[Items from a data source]
◇ ◇ ◇ ◇ ◇
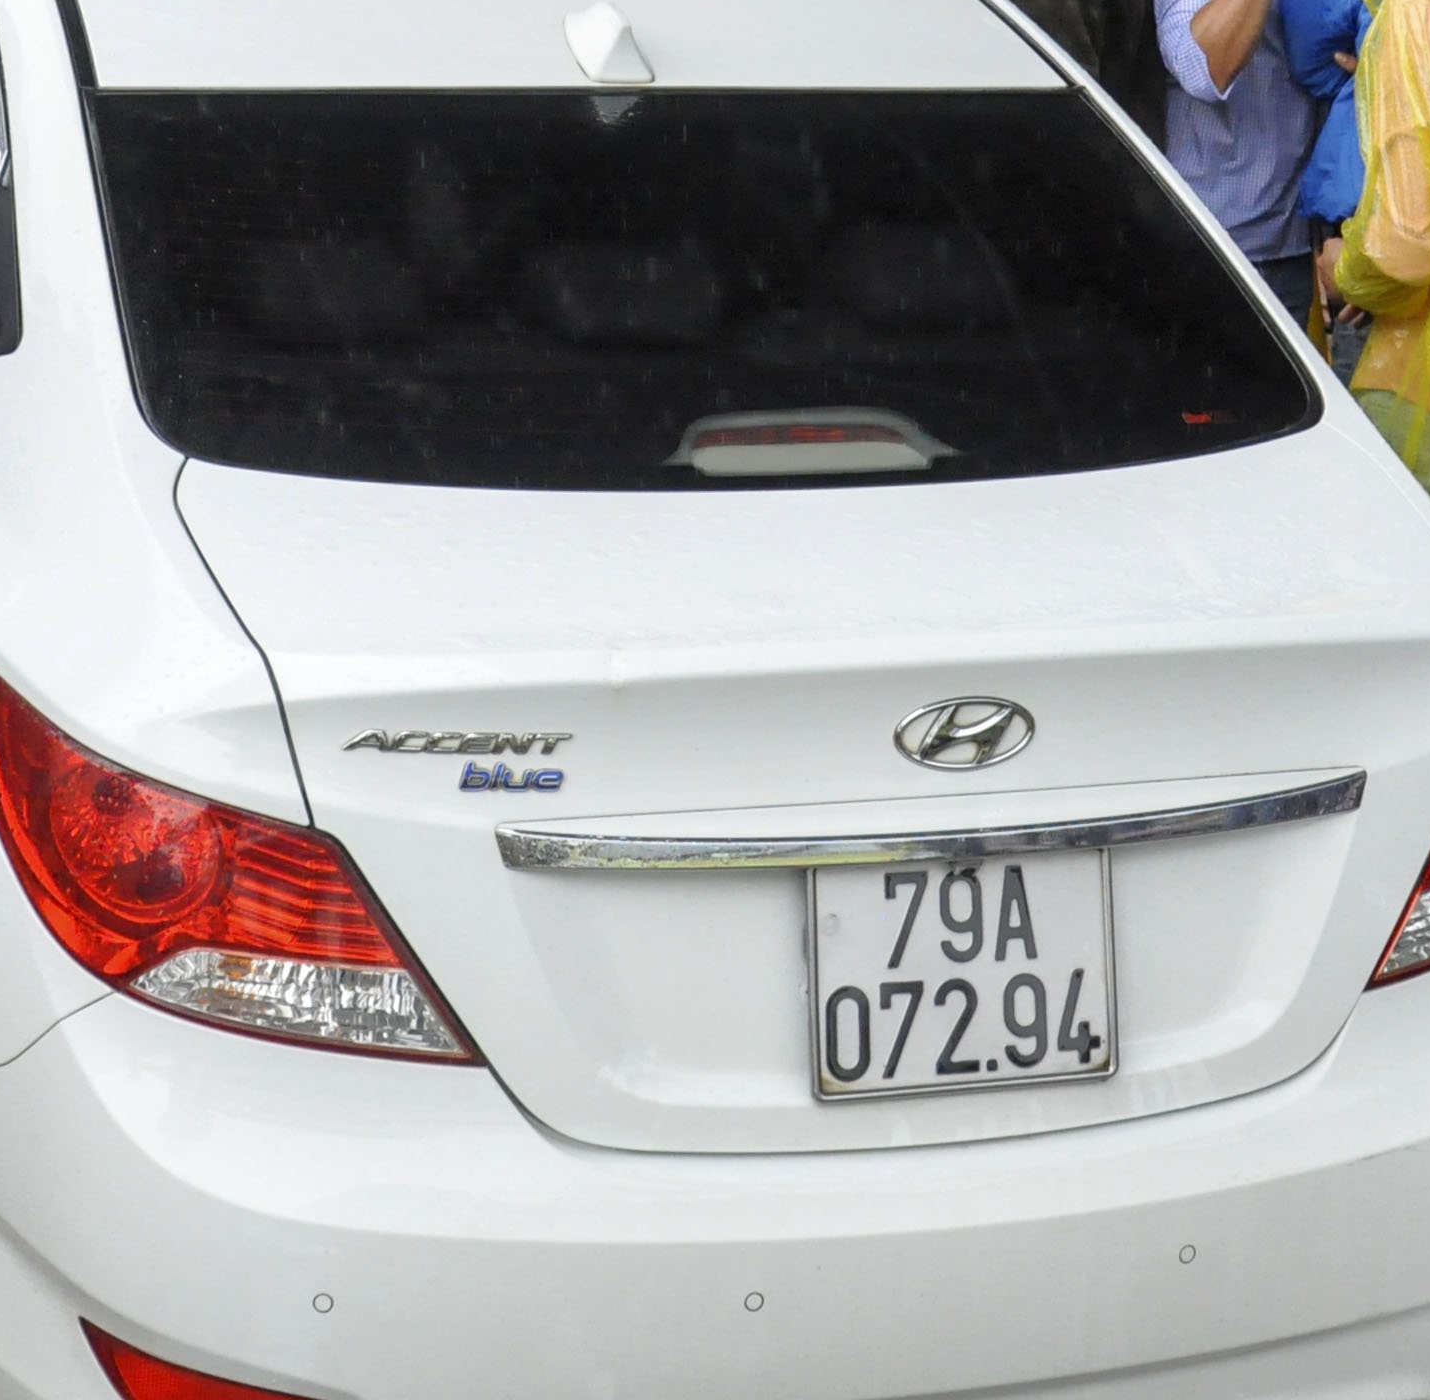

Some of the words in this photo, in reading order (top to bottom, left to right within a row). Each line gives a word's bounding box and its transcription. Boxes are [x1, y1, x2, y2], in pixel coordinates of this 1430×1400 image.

[342, 729, 572, 755] ACCENT
[459, 760, 564, 793] blue
[883, 865, 1038, 970] 79A
[825, 968, 1101, 1083] 072.94
◇ ◇ ◇ ◇ ◇
Take the records above and transcribe them exactly, dropping every picture.

Some of the words in this photo, in reading order (top to bottom, left to right within a row). Each line gives a word's bounding box and its transcription. Boxes are [x1, y1, x2, y2], in pixel coordinates of this 1430×1400 image.

[342, 729, 572, 755] ACCENT
[459, 760, 564, 793] blue
[883, 865, 1038, 970] 79A
[825, 968, 1101, 1083] 072.94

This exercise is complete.